Diageo CMO on disruptive leadership, Johnnie Walker’s next step and why happiness equals success

Being brave in business, tackling international marketing challenges, and why happiness equals success were just some of the insights Diageo CMO Syl Saller shared at AANA’s Reset conference in Sydney last week. Susi Banks reports.

 

During the soccer World Cup last year, U.S. midfielder Ale Bedoya sent all his teammates a bottle of Johnnie Walker Blue Label engraved with the words: “Brazil was just the beginning. Keep Walking”. Bedoya told the press he wanted to do something to commemorate the occasion, because win or lose, making it to the World Cup, especially to the Round of 16, was “an epic achievement”.

This anecdote was told by Syl Saller at last week’s AANA’s Reset conference in Sydney. The frank-speaking Saller is the London-based, Boston native, CMO of Diageo globally, covering 400 brands across 180 countries. She oversees all global marketing, design, innovation, R&D and reserve and has worked on the iconic Johnnie Walker brand since 1999 when ‘Keep Walking’ was first launched.

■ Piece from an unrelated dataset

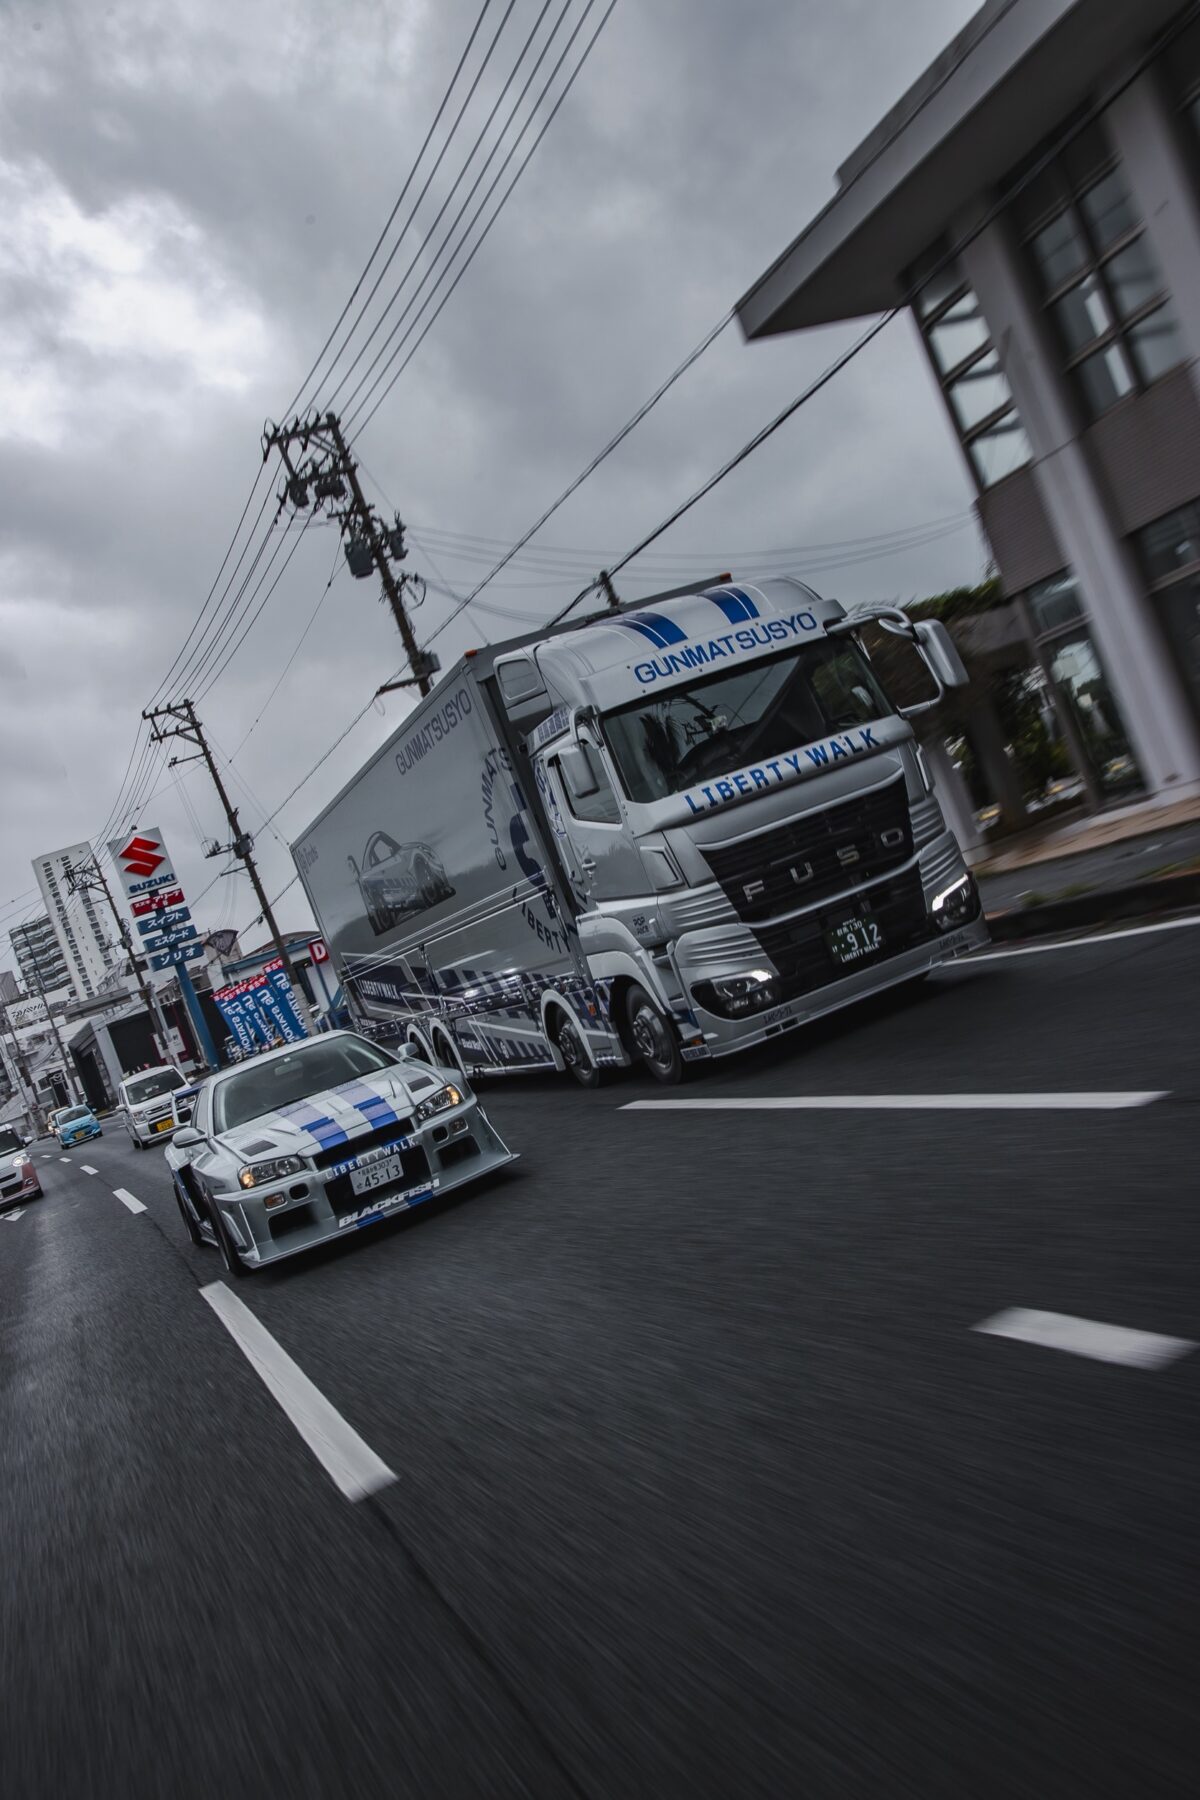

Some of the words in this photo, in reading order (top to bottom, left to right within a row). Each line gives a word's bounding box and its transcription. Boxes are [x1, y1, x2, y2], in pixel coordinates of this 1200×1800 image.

Saller says the most powerful way you can disrupt marketing is to “change yourself” as a leader. She echoed the idea of the Reset conference, saying marketers can aim to reset their management not only every year, but every month, to “take it up a notch”.

Wanting to dispel the myth that you “have to be brave” to succeed in business, she revealed that she had a lot of fear at every major turning point in her career. Saller said she was dragged “kicking and screaming” into most of her senior management roles, but ultimately realised that it never turned out to be as scary as she had imagined. 

aana reset conference

In 1999, Saller accepted a job in London that she had initially turned down. She reconsidered after being encouraged by her husband that he thought they should move the family to London because he “liked pubs” and their kids were “too sheltered.”

The children were less than enthused. Saller says her 11-year-old daughter cried for five days and didn’t forgive her for two and a half years, and her five-year-old son took his cue from his sister and hid under his bed for five hours.

Six weeks after moving to the UK, the company was sold and Saller was out of a job. Having only one business contact in the UK, Saller said she was very lucky that he worked at Diageo. She was eventually offered two jobs – one running marketing for Burger King or a job marketing Diageo’s spirits brands in the UK. She took the spirits job, as she was beginning to learn that: “The bigger the challenge the greater the learning.”

Speaking about the original Johnnie Walker ‘Keep Walking’ campaign, Saller said the idea was that people “walked to progress”. And this applied to people all over the world, from all walks of life.

Saller said in Turkey recently, the Diageo marketing people had risen to the challenge of marketing the company’s brands in a remarkable fashion, where it is now illegal to advertise alcohol.

She said the team has delivered consistent growth, even though the government banned all consumer communication about alcohol. The list includes: no communication, no branding, no logo, no sampling, no price discounting, no product displays, no internet advertising and no sales after 10pm.

“But our team in Turkey is amazingly creative and what they do is entirely legal”. Crucial to Diageo’s business is sampling, but alcohol sampling is not allowed on Turkish soil. But technically the British Chamber of Commerce and the British Embassy is not Turkish soil, so they conduct sampling programs there.

“These regulations came down overnight, the market went ‘dark’ but our people didn’t complain. They saw it as an opportunity to have a competitive advantage and out-market the competition with these restrictions”.

Saller says she really values people who can step back and look at what is going to grow the entire business. She thinks it’s incredibly important. And to do that you need to collaborate – across organisations, globally, with business partners and with agencies.

Referring to the thinking behind the new campaign that’s about to break for Johnnie Walker, Saller said: “Since launching ‘Keep Walking’ in 1999, the world has changed a lot. And so we conducted an in depth study on how people define progress today; particularly the attitudes of millennials. Millennials are the most diverse and the most educated group in history.”

“Research led to a compelling cultural insight, and that is a constant push for what’s coming next.

“Those who find joy in the journey are the ones that will progress further. We want Johnnie Walker customers all over the world to be happy.

“A positive outlook is actually a competitive advantage. There is a lot of research that supports this. It’s not just that happiness makes us feel better; it actually helps us perform better. Happy people are more successful than those who aren’t – being both more productive and more creative. One study quantified this by saying happy people are 30% more productive and three times more creative,” Saller said.

“So happiness equals success. The conventional view that if we work hard we will be successful and we will be happy is actually backwards. Happiness builds success, it’s not the other way around.

“This insight was the starting point for the development of our campaign. It was time for Johnnie Walker to flip the formula. Hard work works. But joy works harder. And this shapes how we’re going to take Johnnie Walker into the future and hopefully leapfrog the category,” said Saller.

The new platform is: “Joy will take you further. Keep walking.”